Tad’s life has been punctuated with creative explosions. “I have always been doing at least one major creative thing on top of whatever I was having to do to make a living,” he revealed. “There’s been theatre, music, art and broadcasting. One thing I have always been is a story teller and I think that's the common thread. I wrote songs which told stories; my art always tended to be more pictorial than abstract ... I think I am a story teller by nature.”

The first piece of ‘serious’ writing that Tad completed was a screenplay which is still sitting in a drawer. “It’s got some good bits in it and I always liked the title: The Sad Machines. It was a post-apocalyptic military science fiction film idea, but dreadfully, dreadfully derivative.
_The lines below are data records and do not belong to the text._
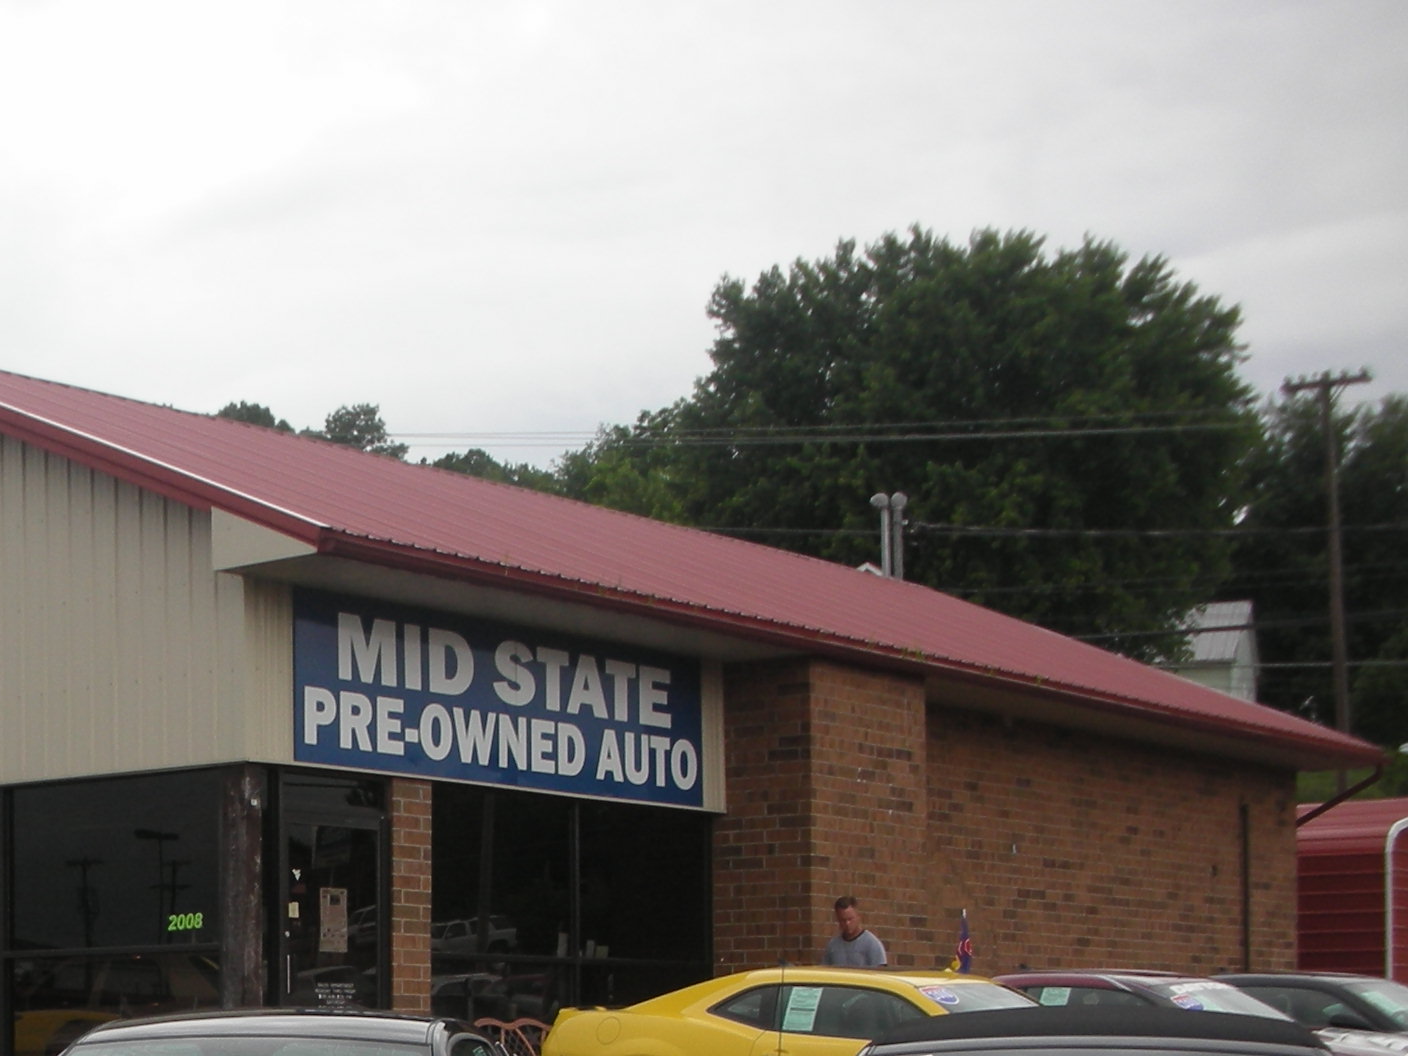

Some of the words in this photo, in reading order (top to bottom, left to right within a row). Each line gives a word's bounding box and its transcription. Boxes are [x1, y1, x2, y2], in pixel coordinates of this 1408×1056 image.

[337, 611, 475, 696] MID
[492, 640, 672, 729] STATE
[303, 685, 586, 777] PRE-OWNED
[595, 728, 698, 791] AUTO
[167, 912, 204, 931] 2008
I look at it now and it’s effectively A Boy And His Dog in the halls of government.”

Tad decided to write a novel simply because he had always enjoyed reading fantastic literature. “Tolkien, Ray Bradbury, Mervyn Peake and Michael Moorcock were among those writers whose work had the greatest influence on me. My first novel, Tailchaser’s Song, started out as an idea about the nature of cats. My ex-wife had cats, and I had never lived with cats before and they seemed to me to be these bizarre alien parasites - and I now have cats of my own, and I still think of them as bizarre alien parasites. Their attitudes and personalities intrigued me and so I started to think about what the world would be like from their point of view and then about a year later I decided to try writing a novel and used that as my basis.”
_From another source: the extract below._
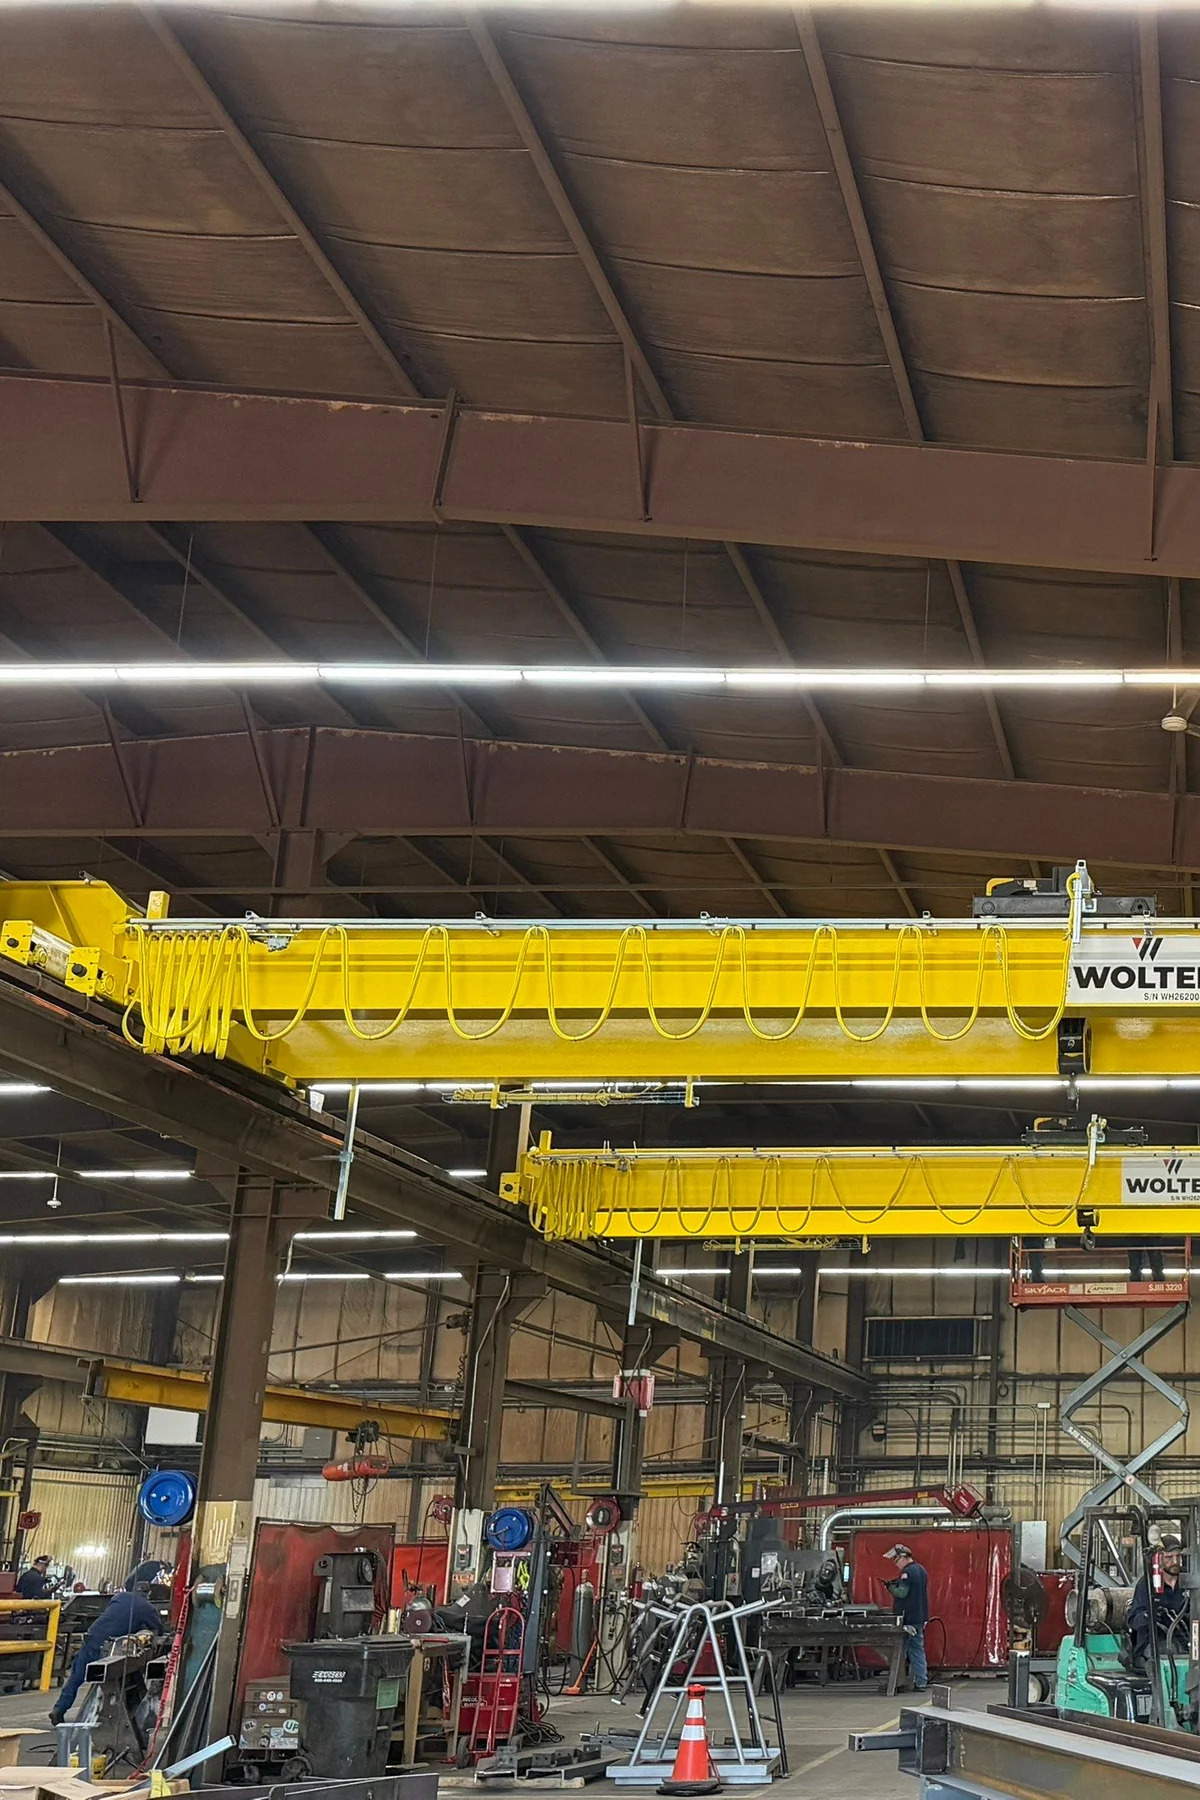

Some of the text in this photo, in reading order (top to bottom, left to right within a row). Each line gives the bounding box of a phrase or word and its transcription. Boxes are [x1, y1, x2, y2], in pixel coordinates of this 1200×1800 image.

[1143, 992, 1159, 1001] S/N
[1024, 1284, 1067, 1294] SKYJACK
[1165, 1283, 1183, 1292] 3220
[285, 1721, 299, 1731] UP
Having completed the book, Tad’s next task was to try and get it published, and in this respect he landed on his feet. “I was hideously lucky. I actually only sent the manuscript to two publishers. I sent it to Del Rey first of all because they were the ones currently having the most success with fantasy novels and they sent it back almost immediately. It was probably returned to me on the same day it arrived at their offices, and that's not an exaggeration. I actually wrote a letter saying ‘are you sure anybody actually read this’ and Judy Del Rey wrote back to me saying ‘this has got to be the first time an author has ever complained we've kept their manuscript for too short a time’.

“They basically told me that if this was going to be a best seller then they’d know and they didn’t think it was, so thank you very much for your time. Then I sent it to another publishers, DAW, who kept it for quite a while but eventually bought it. I have been with DAW ever since.

“DAW published it as a hardcover, which they had just started doing, and it came out in the autumn of 1985 as their second hardcover release.”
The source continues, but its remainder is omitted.